Что случилось дальше, Оля не заметила. Просто чья-то тень мелькнула за спиной Женьки. Просто его рука пошла вниз под чужим ударом, на секунду выпустив змею из круга света – и этого мига Фролову хватило, чтобы отскочить сторону. Просто, когда лампы снова загорелись, Вовка стоял рядом и усмехался во все зубы, а в руках у него был сжат выключенный фонарик. А в глазах отсверкивало радугой.

Всё произошло слишком быстро. Оля не успела даже увидеть, как и когда Вовка успел к ним подкрасться.

– Что-что ты там говоришь? – поинтересовался тот, швыряя фонарик на землю и с силой наступая на него. Пластик захрустел под тяжестью ботинка. – И что у тебя во второй руке? Булавка, серьёзно?

Точно. План заключался в том, чтобы проколоть змее глаз металлической булавкой, пока она будет обездвижена. Они не любят металл и умирают от удара в глаз: это Оля и Женька помнили ещё по прошлому разу.

Но теперь, когда всё вышло из-под контроля…

Гоша тем временем пришёл в себя. Проморгался, отошёл от стены – и вдруг рванулся вперёд. Оттолкнул в сторону Вовку, схватил Женьку за воротник свитера и потащил к доске, в центр класса.

– И кто мне будет тут говорить о смерти, а?! – рявкнул он на всё помещение. Оле показалось, что от его вопля сейчас включится пожарная сирена. Если до сих пор кто-то не смотрел в их сторону – сейчас к доске повернулись все. Даже из коридора заглянула парочка любопытных голов.

– Что… – начал было Женька, но Фролов перебил его.

– Думаешь, самый крутой тут? А нифига! Я всё знаю!

Он обернулся к классу, где уже начинала твориться настоящая вакханалия, и заорал ещё громче.

– Я знаю, что ты – кошачий маньяк!

========== Глава 14. Кошачий маньяк ==========

К середине дня лицей шумел и бурлил: новость разлетелась по всей школе.
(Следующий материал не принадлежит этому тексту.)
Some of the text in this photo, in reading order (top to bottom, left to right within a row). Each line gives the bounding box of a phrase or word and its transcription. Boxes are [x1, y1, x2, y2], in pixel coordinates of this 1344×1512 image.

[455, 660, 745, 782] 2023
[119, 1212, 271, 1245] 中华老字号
Взрывались сообщениями классные чаты, шушукались девчата – да что там, и мальчишки тоже. Косо поглядывали, перемигивались. Любопытство сменялось уверенностью, которая превращалась в гнев.

Оле всё ещё казалось, что эта история может закончиться хорошо. Что новость, как и любая неподтверждённая сплетня, превратится в пыль через пару дней. Но пока что всё шло ужасно.
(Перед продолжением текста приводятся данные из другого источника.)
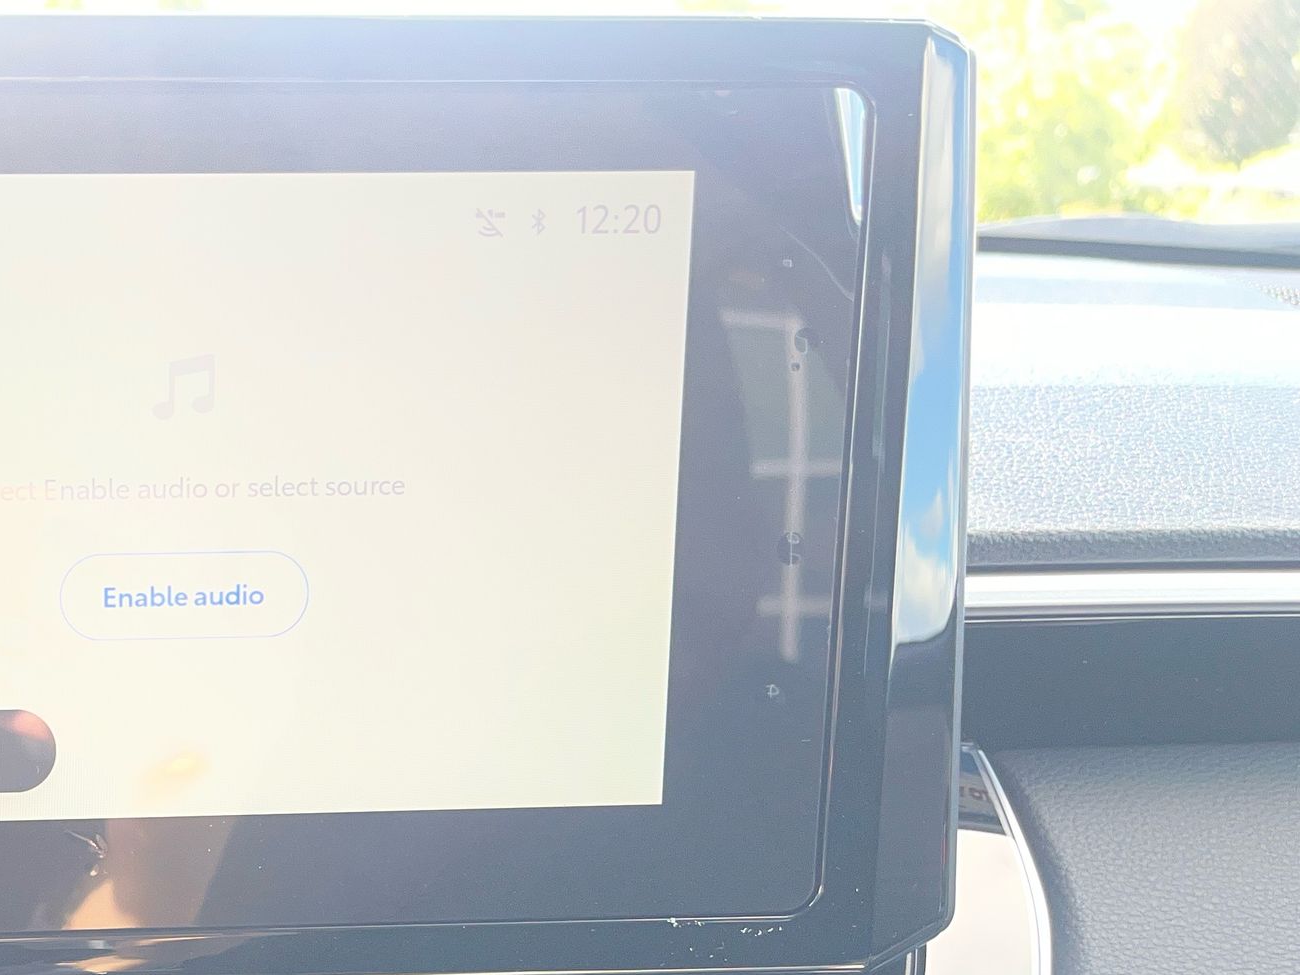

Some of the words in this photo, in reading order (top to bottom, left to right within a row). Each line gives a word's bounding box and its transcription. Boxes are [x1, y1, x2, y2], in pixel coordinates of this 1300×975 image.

[577, 204, 662, 235] 12:20
[44, 478, 130, 500] Enable
[138, 477, 209, 500] audio
[215, 483, 237, 498] or
[247, 477, 319, 498] select
[325, 480, 406, 496] source
[103, 586, 189, 608] Enable
[193, 583, 265, 607] audio
Сначала демонстративно пересел в другой ряд Женькин сосед по парте. Потом понемногу начали пустеть другие места поблизости, и уже ко второму уроку вокруг его места образовалась полоса отчуждения. Такие бывают рядом со школьными изгоями. Или с теми, кто в чём-то сильно провинился.

На перемене Оля попыталась подойти к однокласснику, но Женька сделал вид, что не замечает её. И лишь потом, урвав момент, шепнул:

– Тебе пока лучше со мной не общаться. Не привлекай внимания.

Оля скрипнула зубами, но вынуждена была согласиться. Информация распространялась со скоростью лесного пожара: смотрите, Фролов сказал, что местный странный парень – и есть кошачий маньяк! Интересно, это правда? Да ладно вам, что вы, этого придурка слушать будете? А если всё-таки?

– Похож, – авторитетно заявляла Ленка, тыча наманикюренным пальцем куда-то в сторону Женькиной парты. – Я читала, что маньяками в основном такие и становятся. Тихие и себе на уме. Всё сходится.

– А по-моему, врёт твой Гоша, как сивый мерин, – спорила Светка. Но от Женьки на всякий случай держалась подальше, как и остальные.

Вскоре сдалась и она – и к третьему уроку наравне со всеми косо поглядывала на пустующие ряды парт рядом с его местом.

Оля паниковала. Она не знала, понятия не имела, откуда Фролов мог узнать об их причастности к смерти зверят – да ещё и вывернуть всё таким образом, чтобы они оказались виноватыми! Неужели ребёнок, сфотографировавший их, был знаком с ним? А может, он узнал через волка – чем чёрт не шутит?

Может, Гоша всё и подстроил? Но зачем?! И как он тогда сговорился с волкоподобной тварью?

Голова взрывалась мыслями, вопросами, на которых не находилось ответа. Ей не с кем было даже посоветоваться: Женька не отвечал на её взволнованные сообщения в мессенджере. Они так и оставались висеть прочитанными, но неотвеченными.

Оле казалось, это начало конца. И только к третьему уроку она поняла, насколько сильно ошиблась: конец был ещё впереди.

На третьем уроке Вивла вызвала Вовку к доске.

Сначала всё шло гладко: тот запинался, порой путался, но, съёживаясь под гневными учительскими взглядами, быстро вспоминал нужное правило. Строгая, сухая, как палка, Виктория Владимировна благосклонно кивала – и Вовка расслаблялся, чтобы через пару строк допустить ещё одну ошибку. Терпеливый учитель, пожалуй, дотянул бы его до четвёрки.

Но Вивла никогда не отличалась терпением. Зато отличалась стервозностью и дурным характером.

– Так, ладно, – наконец махнула она рукой. – Всё с тобой понятно. Как был неучем, так им и остался, ничего с начальной школы не изменилось.

Вовка вспыхнул, разом становясь пунцовым. И куда делось всё зубоскальство? Оле почти стало его жаль, но она вспомнила радугу, что плясала у него в глазах, и хруст фонарика под ногой. И жалость ушла. Пусть не он был в этом виноват – похоже, Фролов применил какой-то гипноз – сопереживать Вовке Оля больше не могла.

– Ну что, так и не вспомнишь? – поинтересовалась Вивла. Плохо скрываемая ехидца в её голосе клеймила, как раскалённый металл. Вовка уставился в пол, насупился и ничего не ответил.

– Там корень… – начала было Стаська, но Виктория Владимировна прервала её взмахом руки.

– Молчи, Никитина. Я знаю, что ты знаешь. Кто ещё готов ответить?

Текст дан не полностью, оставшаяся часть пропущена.